### Supplied entries ###

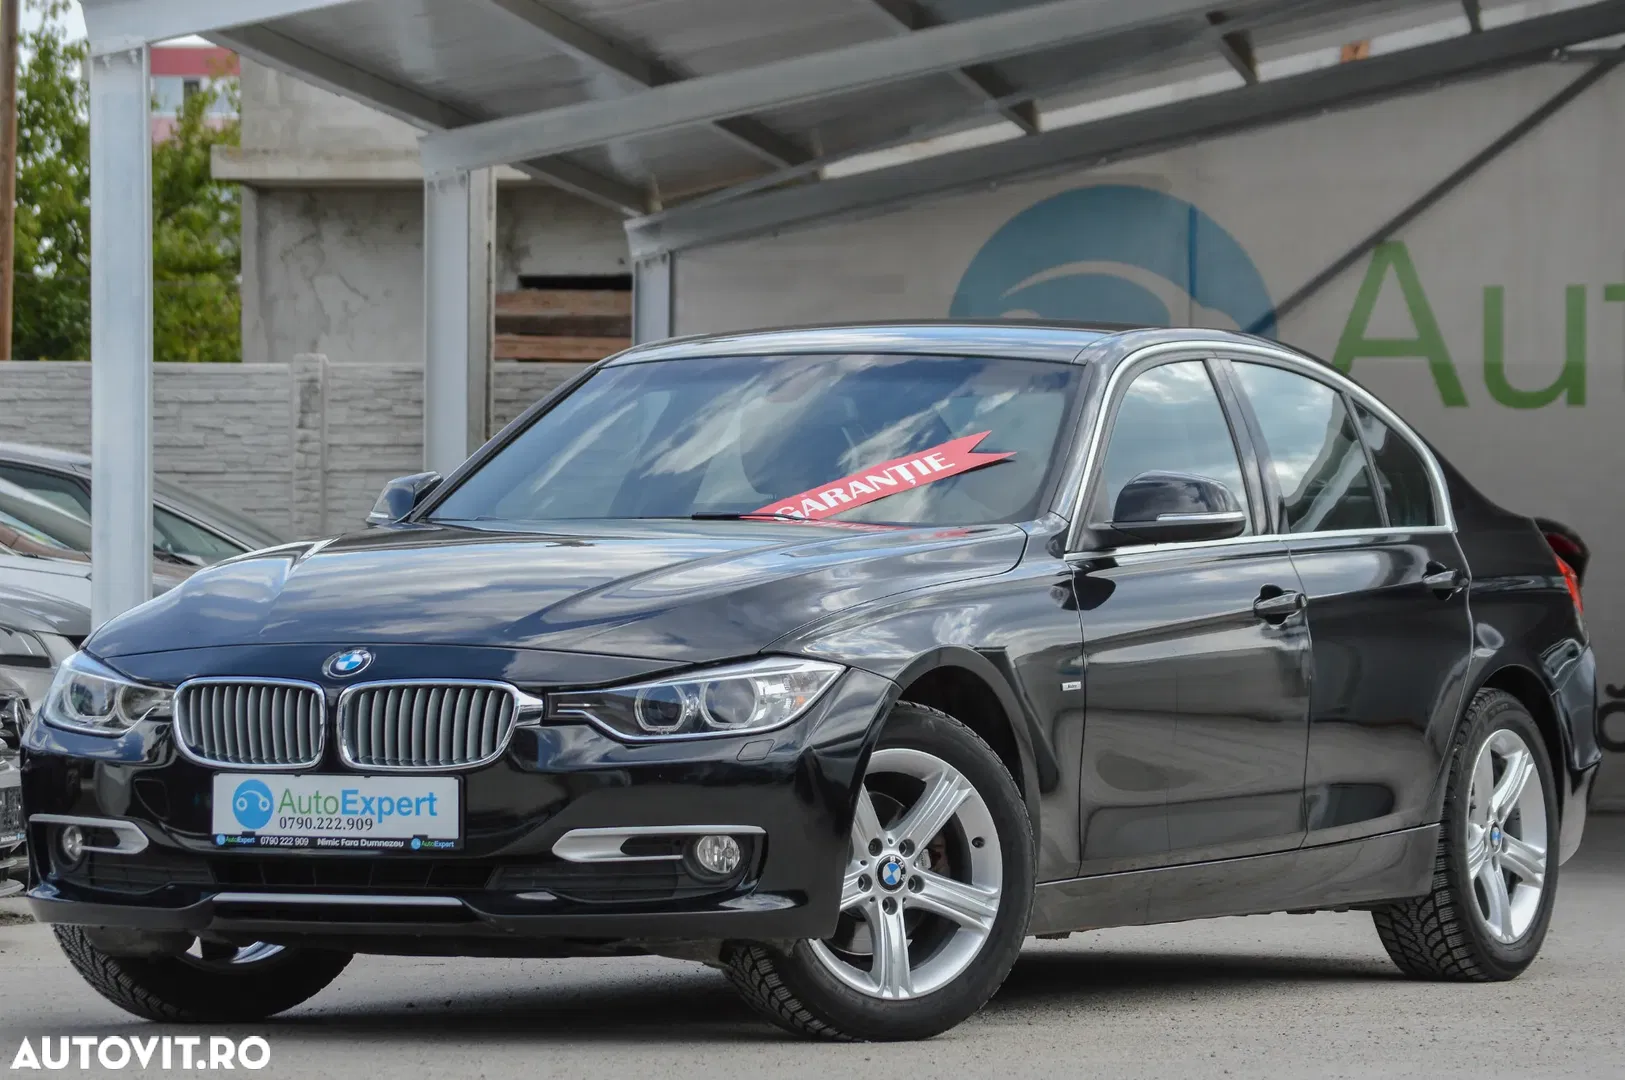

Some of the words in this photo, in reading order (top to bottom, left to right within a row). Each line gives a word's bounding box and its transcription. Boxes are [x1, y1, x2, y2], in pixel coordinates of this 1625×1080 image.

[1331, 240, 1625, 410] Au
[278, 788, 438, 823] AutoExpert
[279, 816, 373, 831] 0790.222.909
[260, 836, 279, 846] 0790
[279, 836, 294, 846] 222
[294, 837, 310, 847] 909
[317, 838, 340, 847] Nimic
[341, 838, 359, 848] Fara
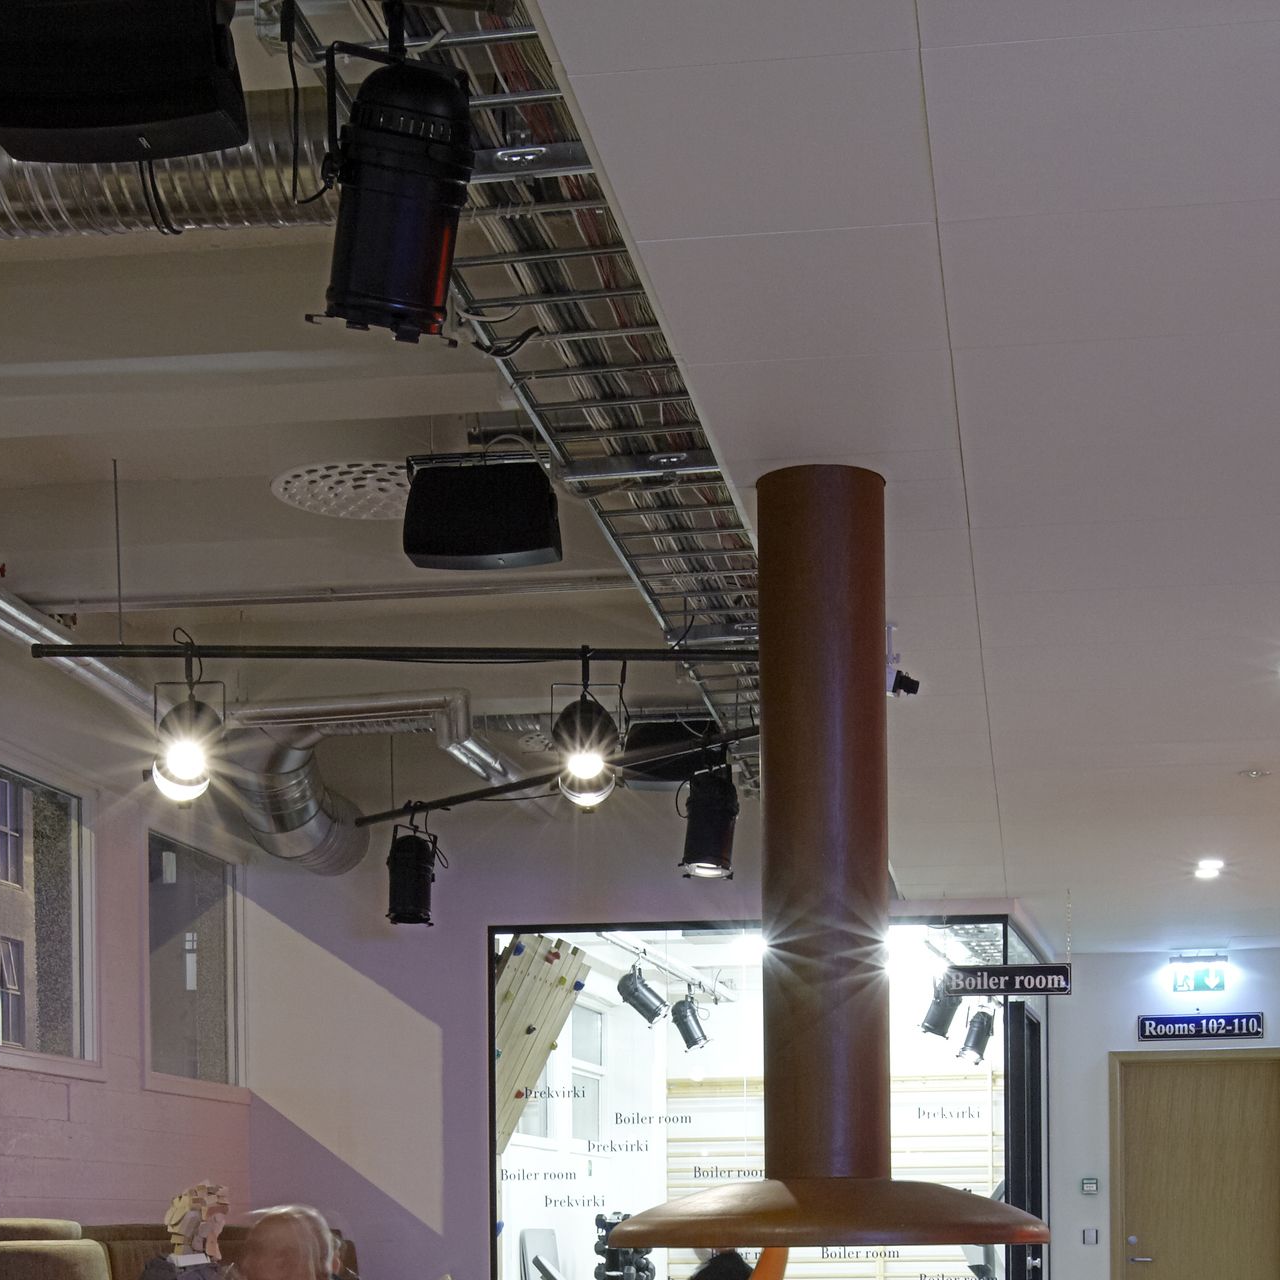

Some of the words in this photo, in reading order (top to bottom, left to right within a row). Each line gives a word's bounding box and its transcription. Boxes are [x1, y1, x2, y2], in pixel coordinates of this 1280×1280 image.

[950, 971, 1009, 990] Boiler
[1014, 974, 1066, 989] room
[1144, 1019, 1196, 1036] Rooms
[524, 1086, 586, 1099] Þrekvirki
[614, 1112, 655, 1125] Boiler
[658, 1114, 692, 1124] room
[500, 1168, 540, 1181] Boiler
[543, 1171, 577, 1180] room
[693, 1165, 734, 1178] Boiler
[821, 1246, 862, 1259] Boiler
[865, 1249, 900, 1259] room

###

Return, without any change, the lines from the one holding "this 1280×1280 image." through the end of the listing, and only those.

▶ Answer to this task:
Some of the words in this photo, in reading order (top to bottom, left to right within a row). Each line gives a word's bounding box and its transcription. Boxes are [x1, y1, x2, y2], in pixel coordinates of this 1280×1280 image.

[950, 971, 1009, 990] Boiler
[1014, 974, 1066, 989] room
[1144, 1019, 1196, 1036] Rooms
[524, 1086, 586, 1099] Þrekvirki
[614, 1112, 655, 1125] Boiler
[658, 1114, 692, 1124] room
[500, 1168, 540, 1181] Boiler
[543, 1171, 577, 1180] room
[693, 1165, 734, 1178] Boiler
[821, 1246, 862, 1259] Boiler
[865, 1249, 900, 1259] room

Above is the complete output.